Assignment
Print every record below exactly as it stands, but leave out the pictures.

[Referring expression grounding data]
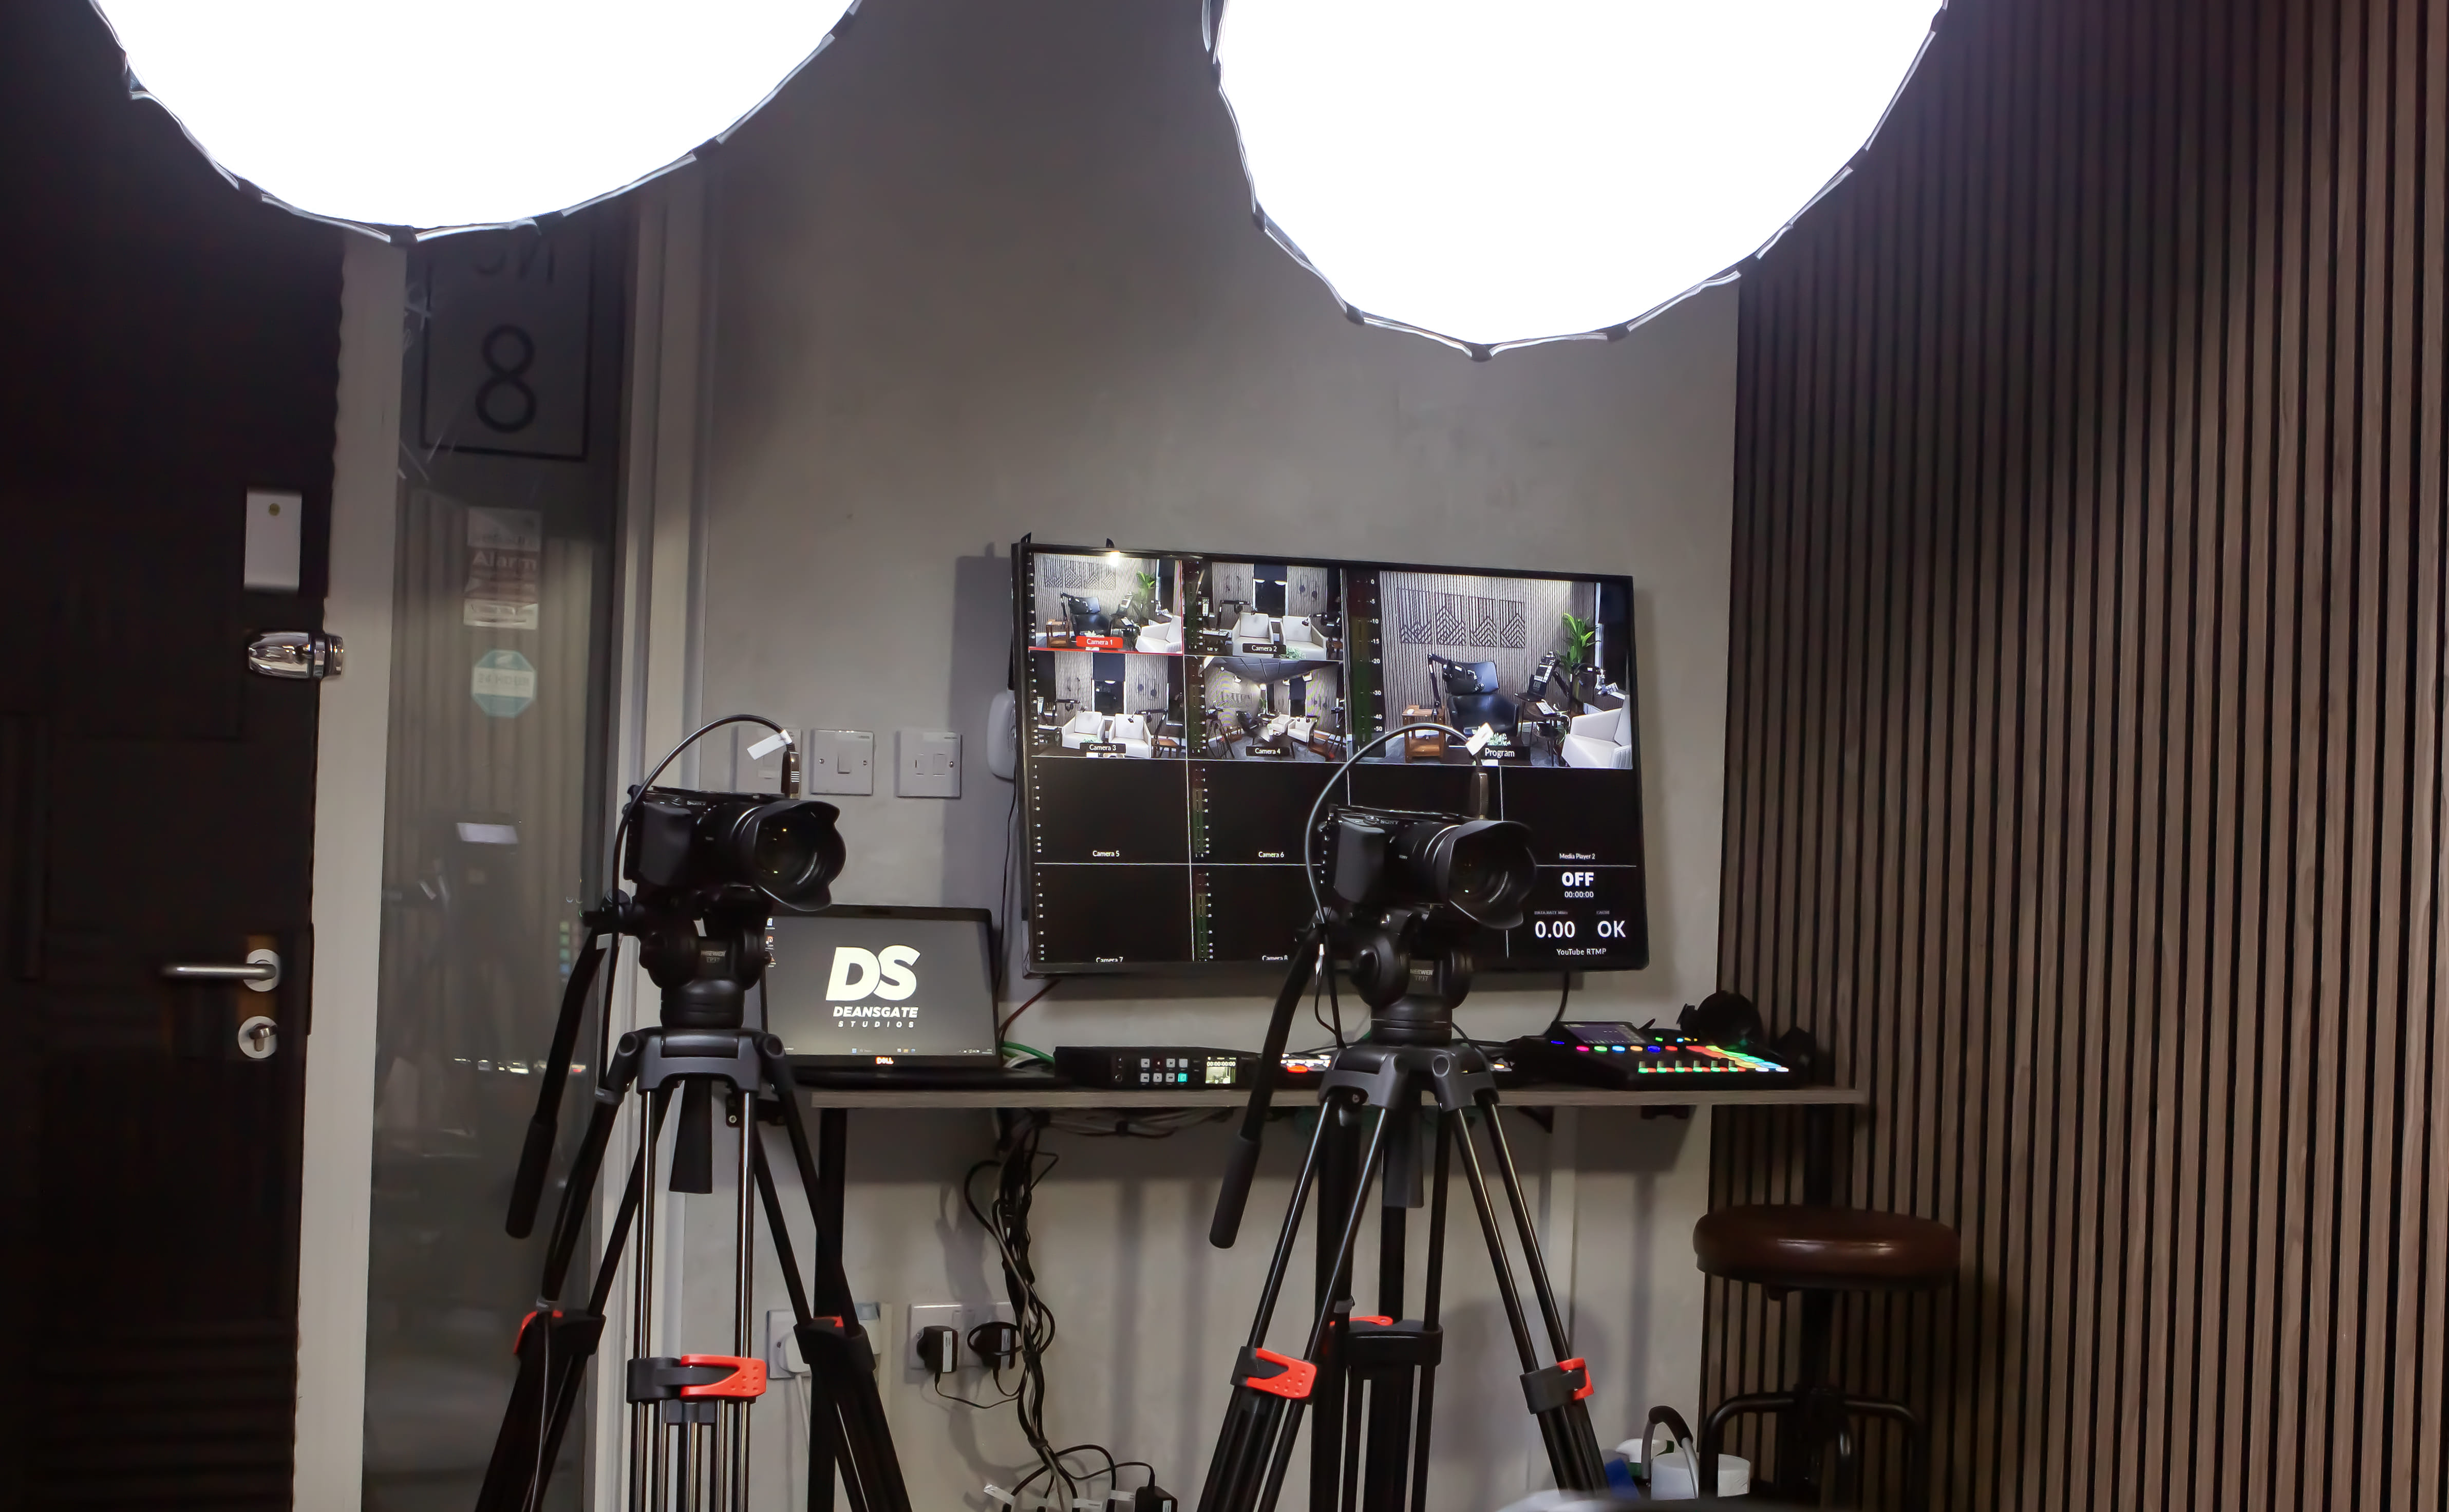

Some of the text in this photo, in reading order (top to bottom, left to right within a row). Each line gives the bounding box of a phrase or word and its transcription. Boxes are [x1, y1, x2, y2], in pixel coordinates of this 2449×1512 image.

[473, 550, 537, 570] Alarm
[1485, 748, 1515, 758] Program
[1562, 872, 1594, 886] OFF
[1535, 921, 1575, 938] 0.00
[1597, 920, 1626, 937] OK
[825, 945, 920, 1001] DS
[833, 1006, 919, 1018] DEANSGATE
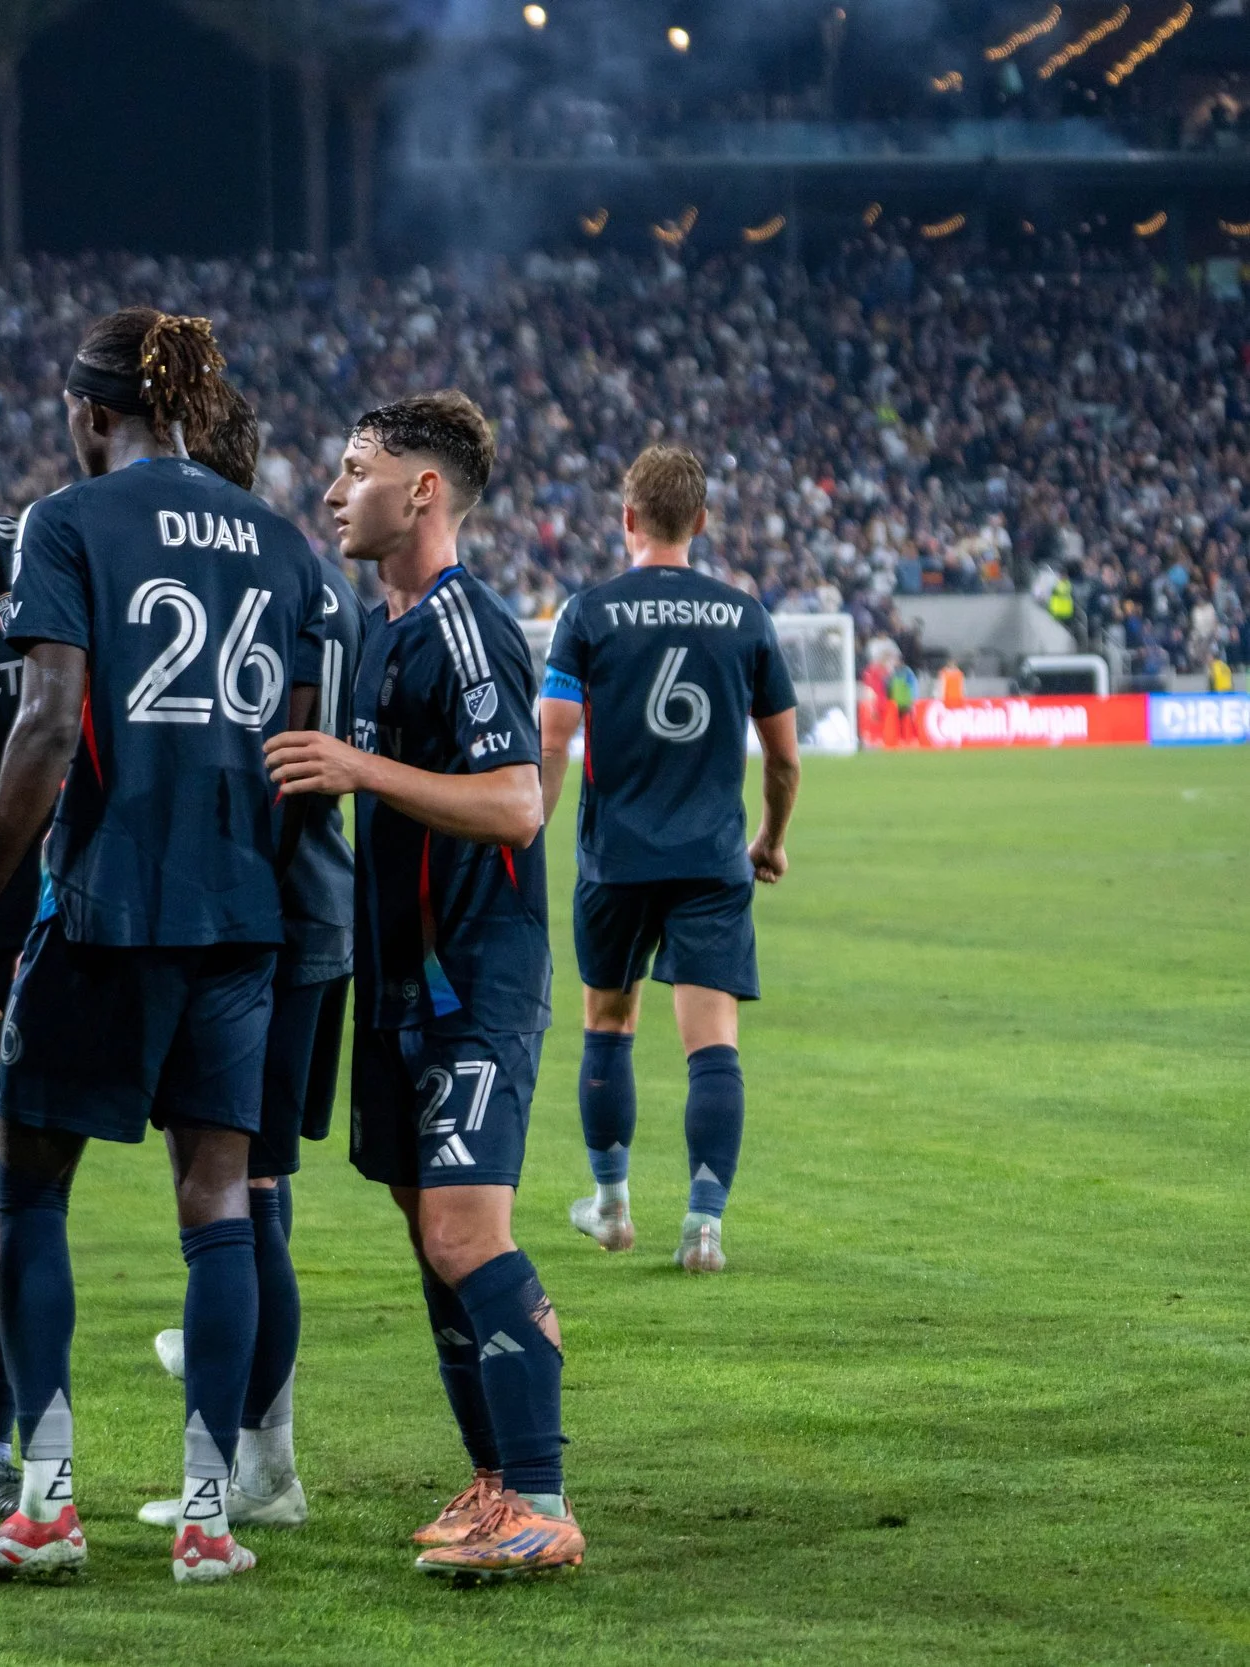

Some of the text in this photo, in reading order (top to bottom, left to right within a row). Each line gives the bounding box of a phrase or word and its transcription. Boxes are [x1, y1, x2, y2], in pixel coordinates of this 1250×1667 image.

[159, 510, 260, 556] DUAH
[605, 600, 743, 628] TVERSKOV
[127, 577, 284, 732] 26
[467, 688, 483, 702] MLS
[647, 646, 711, 742] 6
[1161, 700, 1250, 734] DIRE
[486, 731, 511, 752] tv
[417, 1060, 497, 1135] 27

Task answer
Some of the text in this photo, in reading order (top to bottom, left to right within a row). Each line gives the bounding box of a phrase or word and its transcription. Boxes are [x1, y1, x2, y2], in pixel coordinates of this 2449×1512 image.

[473, 550, 537, 570] Alarm
[1485, 748, 1515, 758] Program
[1562, 872, 1594, 886] OFF
[1535, 921, 1575, 938] 0.00
[1597, 920, 1626, 937] OK
[825, 945, 920, 1001] DS
[833, 1006, 919, 1018] DEANSGATE

Some of the text in this photo, in reading order (top to bottom, left to right within a row). Each line gives the bounding box of a phrase or word and its transcription. Boxes are [x1, y1, x2, y2], in pixel coordinates of this 1250×1667 image.

[159, 510, 260, 556] DUAH
[605, 600, 743, 628] TVERSKOV
[127, 577, 284, 732] 26
[467, 688, 483, 702] MLS
[647, 646, 711, 742] 6
[1161, 700, 1250, 734] DIRE
[486, 731, 511, 752] tv
[417, 1060, 497, 1135] 27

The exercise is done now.